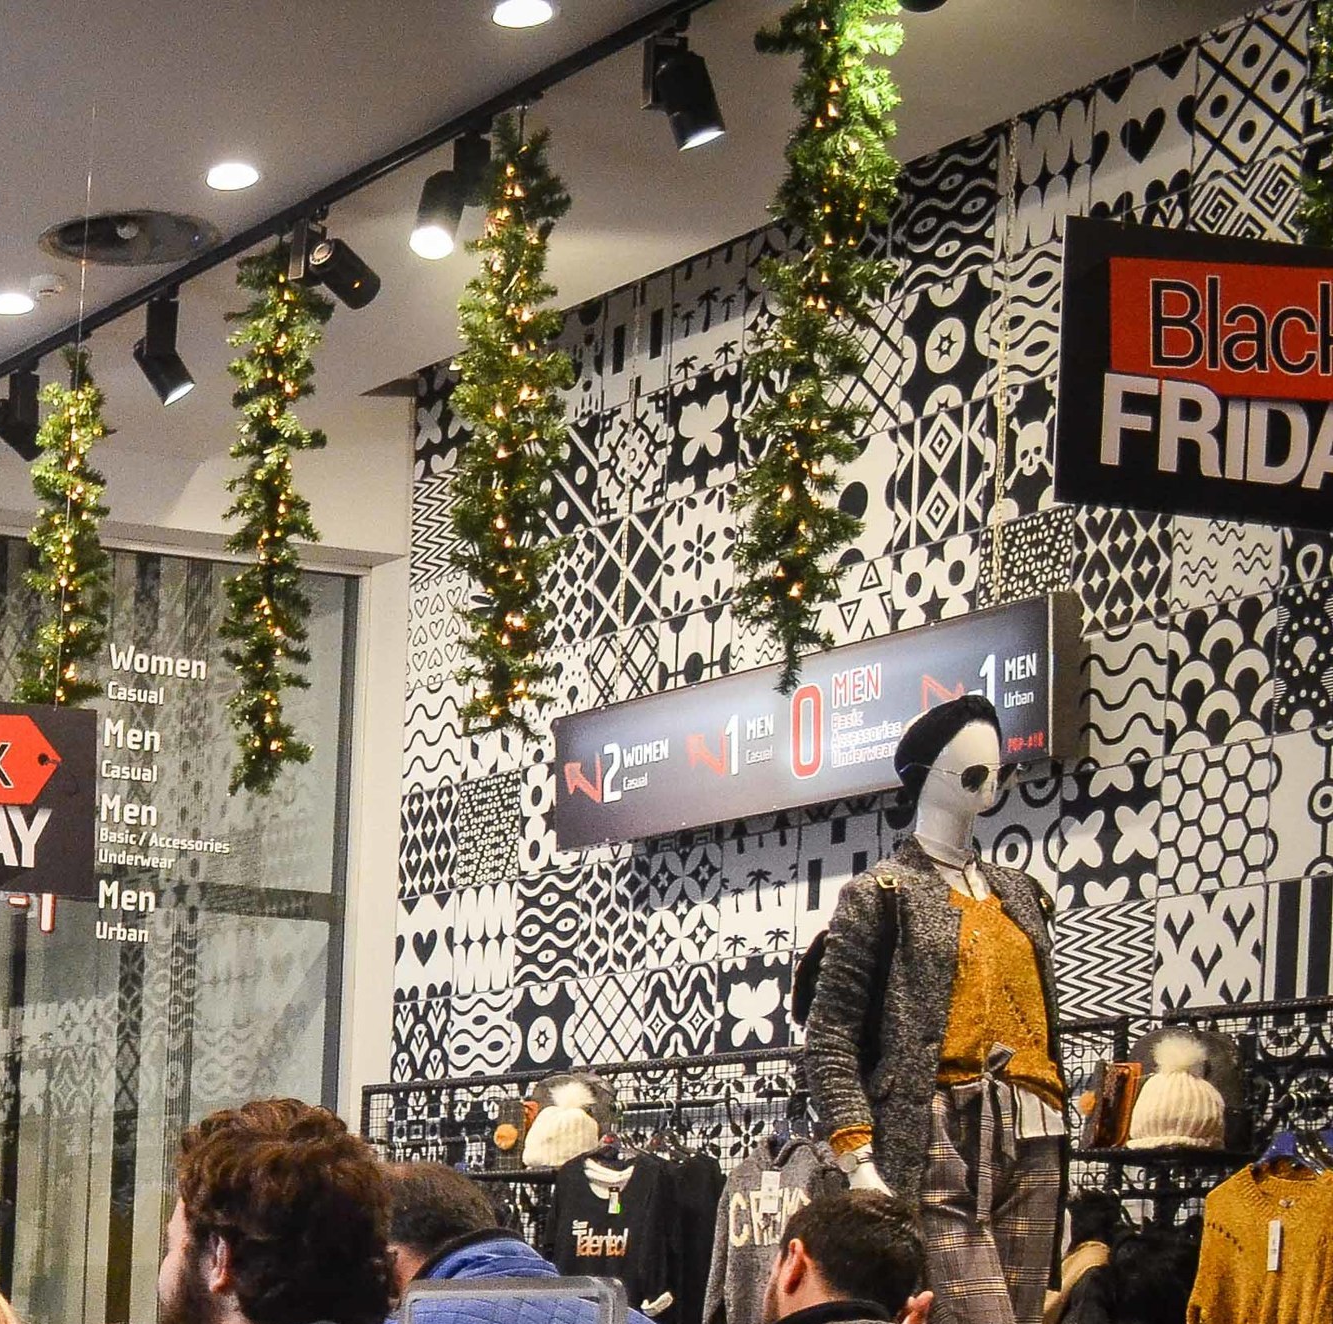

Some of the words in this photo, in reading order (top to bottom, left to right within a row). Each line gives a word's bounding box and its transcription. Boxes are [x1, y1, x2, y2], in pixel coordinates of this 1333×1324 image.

[110, 643, 207, 680] Women
[1004, 652, 1037, 683] MEN
[107, 680, 165, 706] Casual
[831, 663, 882, 709] MEN
[1003, 690, 1035, 709] Urban
[103, 718, 162, 753] Men
[724, 713, 739, 776] 1
[745, 713, 774, 741] MEN
[101, 759, 158, 783] Casual
[603, 742, 622, 803] 2
[622, 738, 669, 769] WOMEN
[100, 793, 158, 827] Men
[99, 827, 137, 846] Basic
[148, 832, 231, 855] Accessories
[98, 848, 176, 870] Underwear
[98, 879, 156, 913] Men
[95, 921, 150, 943] Urban
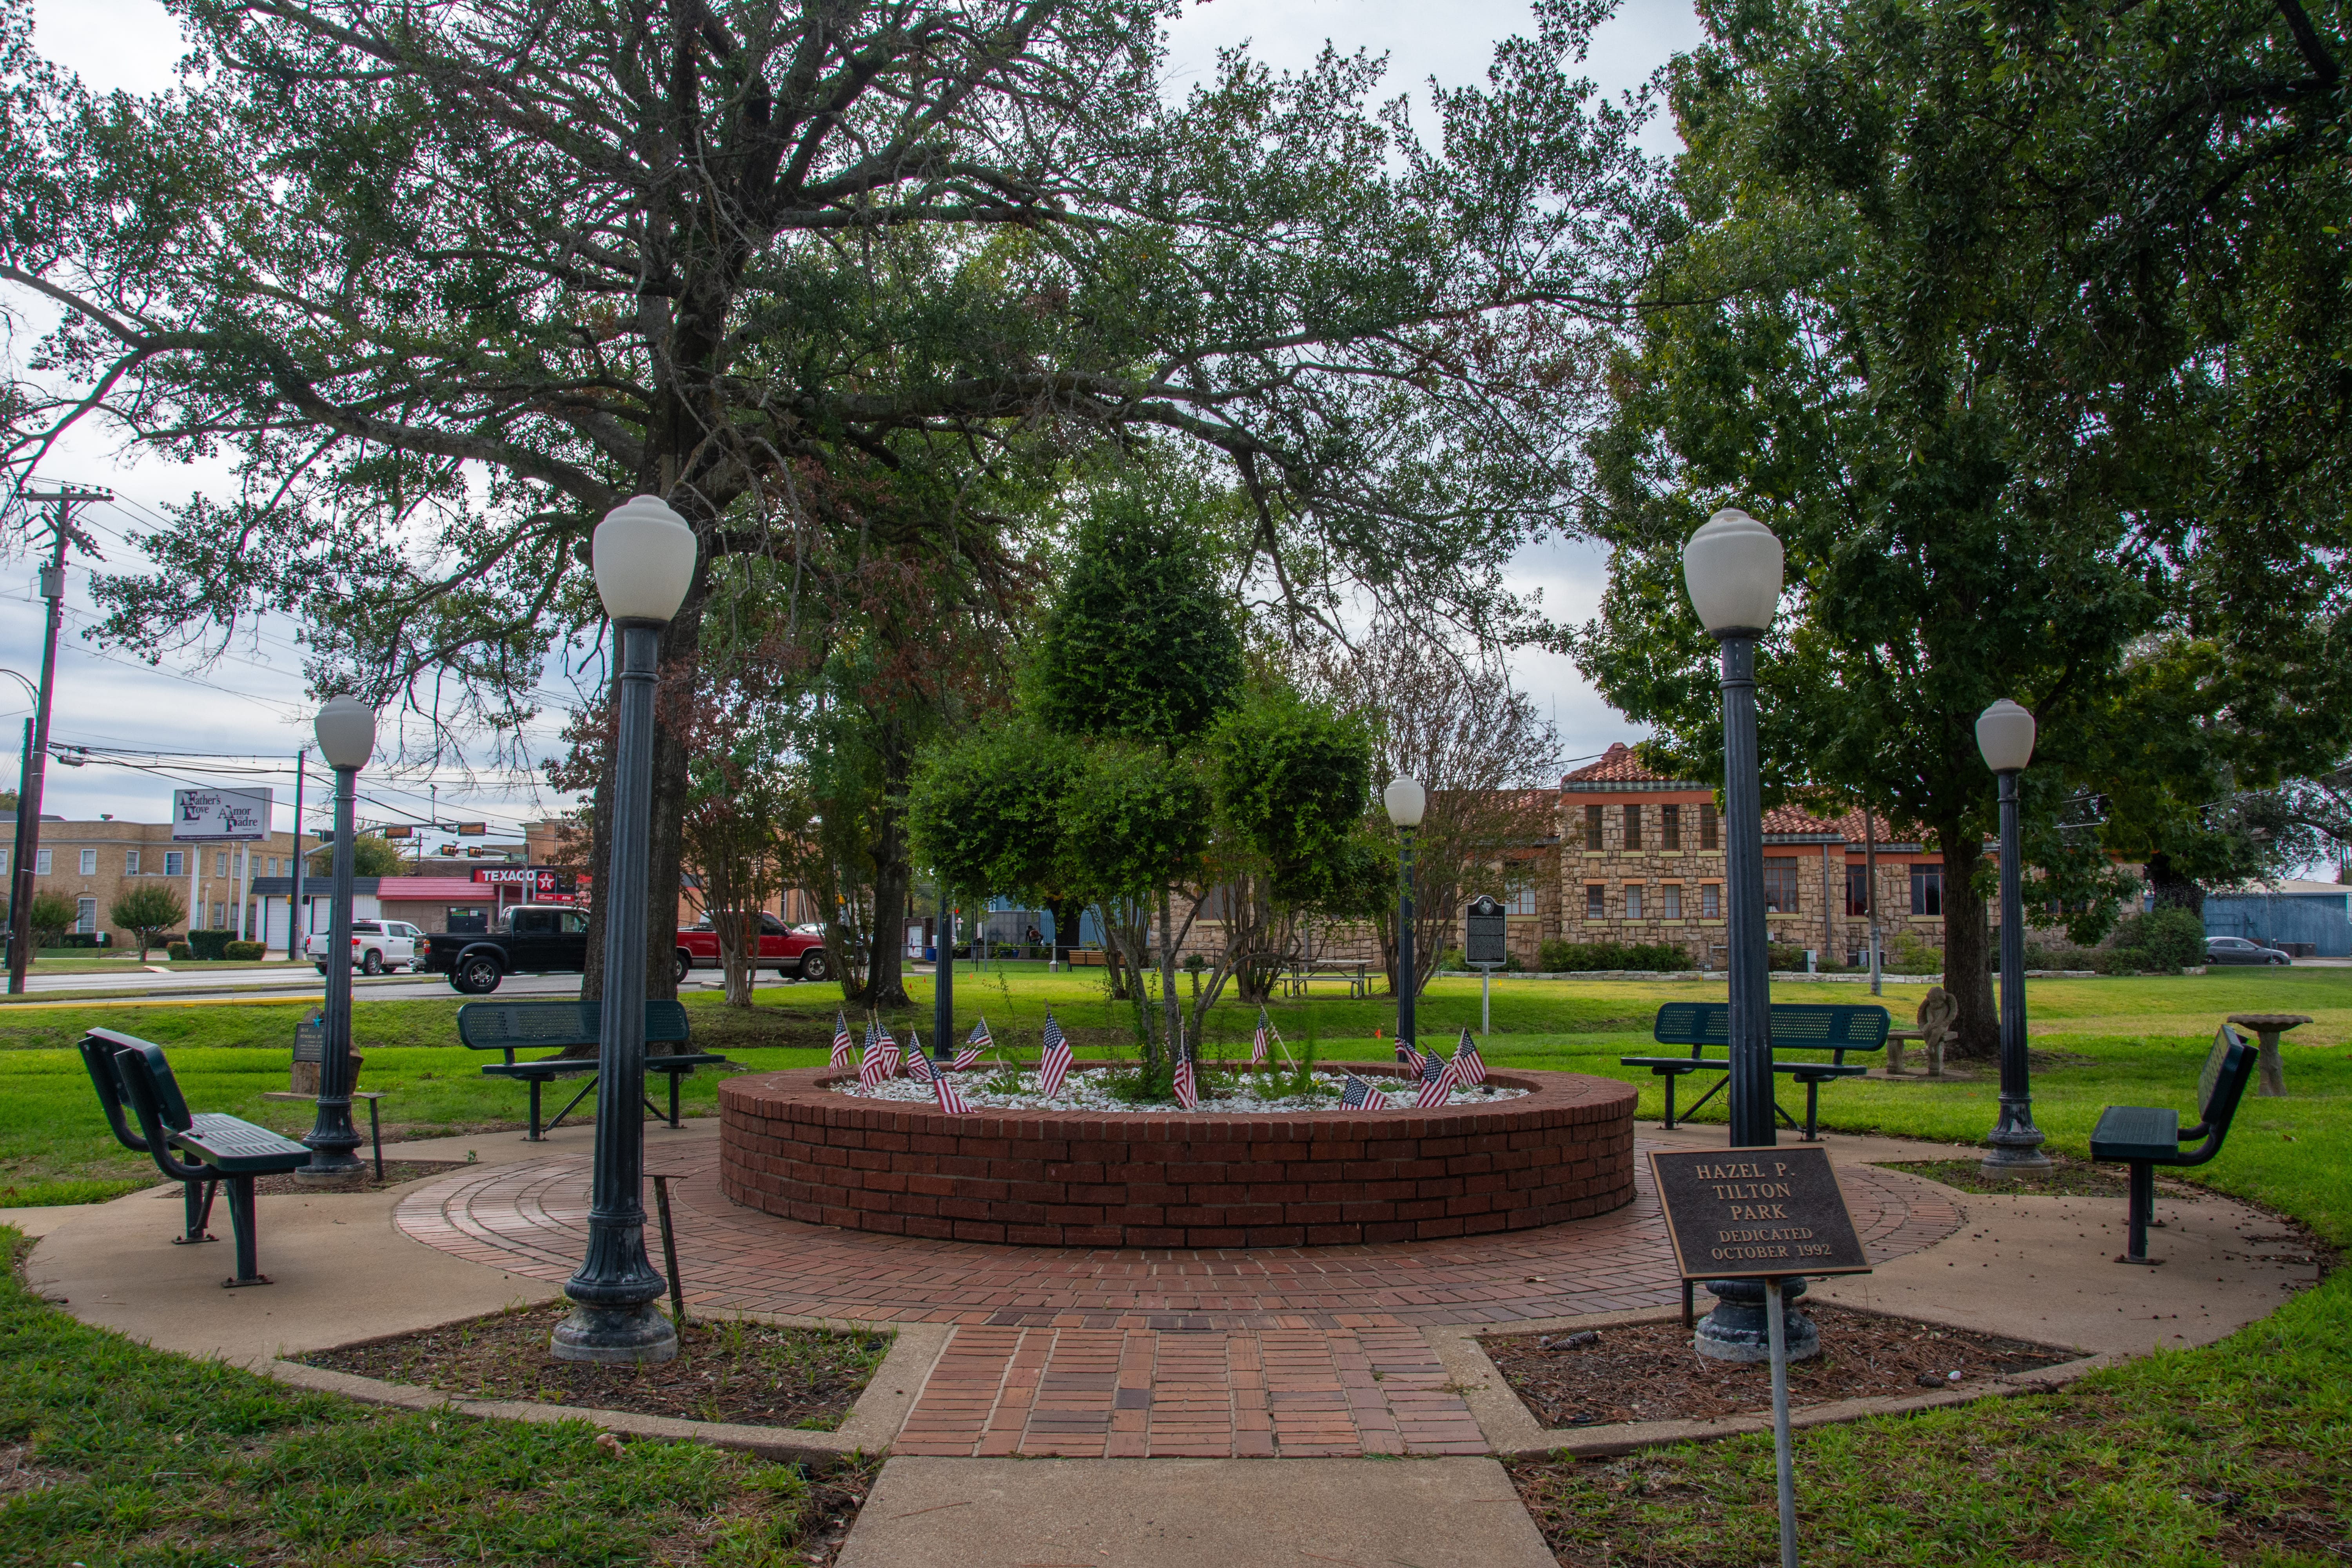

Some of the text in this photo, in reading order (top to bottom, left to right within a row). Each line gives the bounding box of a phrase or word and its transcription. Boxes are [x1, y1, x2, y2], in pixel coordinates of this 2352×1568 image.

[180, 791, 221, 806] Father's
[183, 806, 209, 820] Love
[218, 805, 252, 818] Amor
[225, 817, 258, 832] Padre
[483, 870, 534, 881] TEXACO
[1696, 1163, 1795, 1179] HAZEL P.
[1713, 1183, 1791, 1200] TILTON
[1730, 1204, 1788, 1221] PARK
[1719, 1228, 1813, 1242] DEDICATED
[1712, 1244, 1832, 1259] OCTOBER 1992
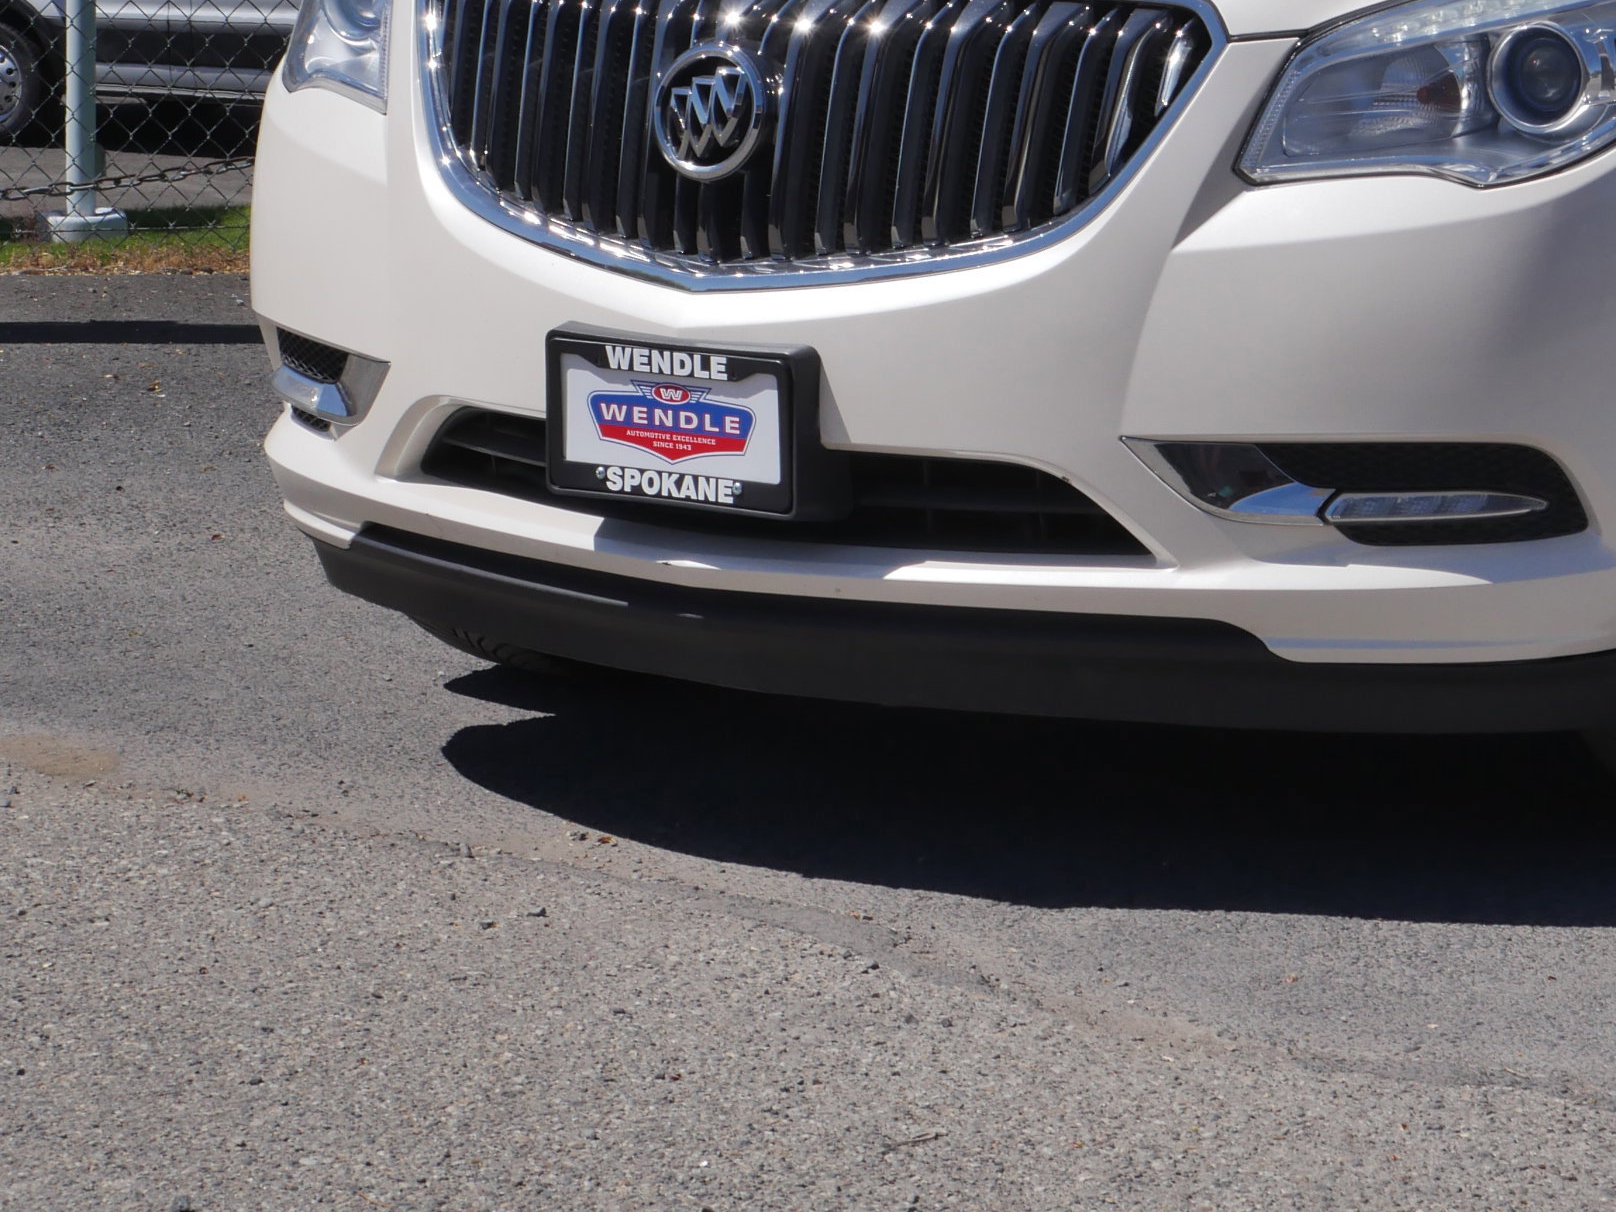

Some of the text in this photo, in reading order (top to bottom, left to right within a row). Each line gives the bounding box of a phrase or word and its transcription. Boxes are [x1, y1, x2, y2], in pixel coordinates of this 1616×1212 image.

Description of the task
All of the material above is to be copied exactly, except for its images.

Answer to the problem
Some of the words in this photo, in reading order (top to bottom, left to right within a row). Each line gives a word's bounding box and its transcription. Boxes are [x1, y1, x2, y2], in pixel coordinates of this 1333×1324 image.

[110, 643, 207, 680] Women
[1004, 652, 1037, 683] MEN
[107, 680, 165, 706] Casual
[831, 663, 882, 709] MEN
[1003, 690, 1035, 709] Urban
[103, 718, 162, 753] Men
[724, 713, 739, 776] 1
[745, 713, 774, 741] MEN
[101, 759, 158, 783] Casual
[603, 742, 622, 803] 2
[622, 738, 669, 769] WOMEN
[100, 793, 158, 827] Men
[99, 827, 137, 846] Basic
[148, 832, 231, 855] Accessories
[98, 848, 176, 870] Underwear
[98, 879, 156, 913] Men
[95, 921, 150, 943] Urban

Some of the text in this photo, in reading order (top to bottom, left to right within a row). Each line gives the bounding box of a phrase or word and its transcription. Boxes are [x1, y1, x2, y2], in pixel coordinates of this 2352×1568 image.

[180, 791, 221, 806] Father's
[183, 806, 209, 820] Love
[218, 805, 252, 818] Amor
[225, 817, 258, 832] Padre
[483, 870, 534, 881] TEXACO
[1696, 1163, 1795, 1179] HAZEL P.
[1713, 1183, 1791, 1200] TILTON
[1730, 1204, 1788, 1221] PARK
[1719, 1228, 1813, 1242] DEDICATED
[1712, 1244, 1832, 1259] OCTOBER 1992

Some of the text in this photo, in reading order (top to bottom, left to right within a row). Each line gives the bounding box of a phrase or word and its transcription. Boxes are [x1, y1, x2, y2], in pixel coordinates of this 1616×1212 image.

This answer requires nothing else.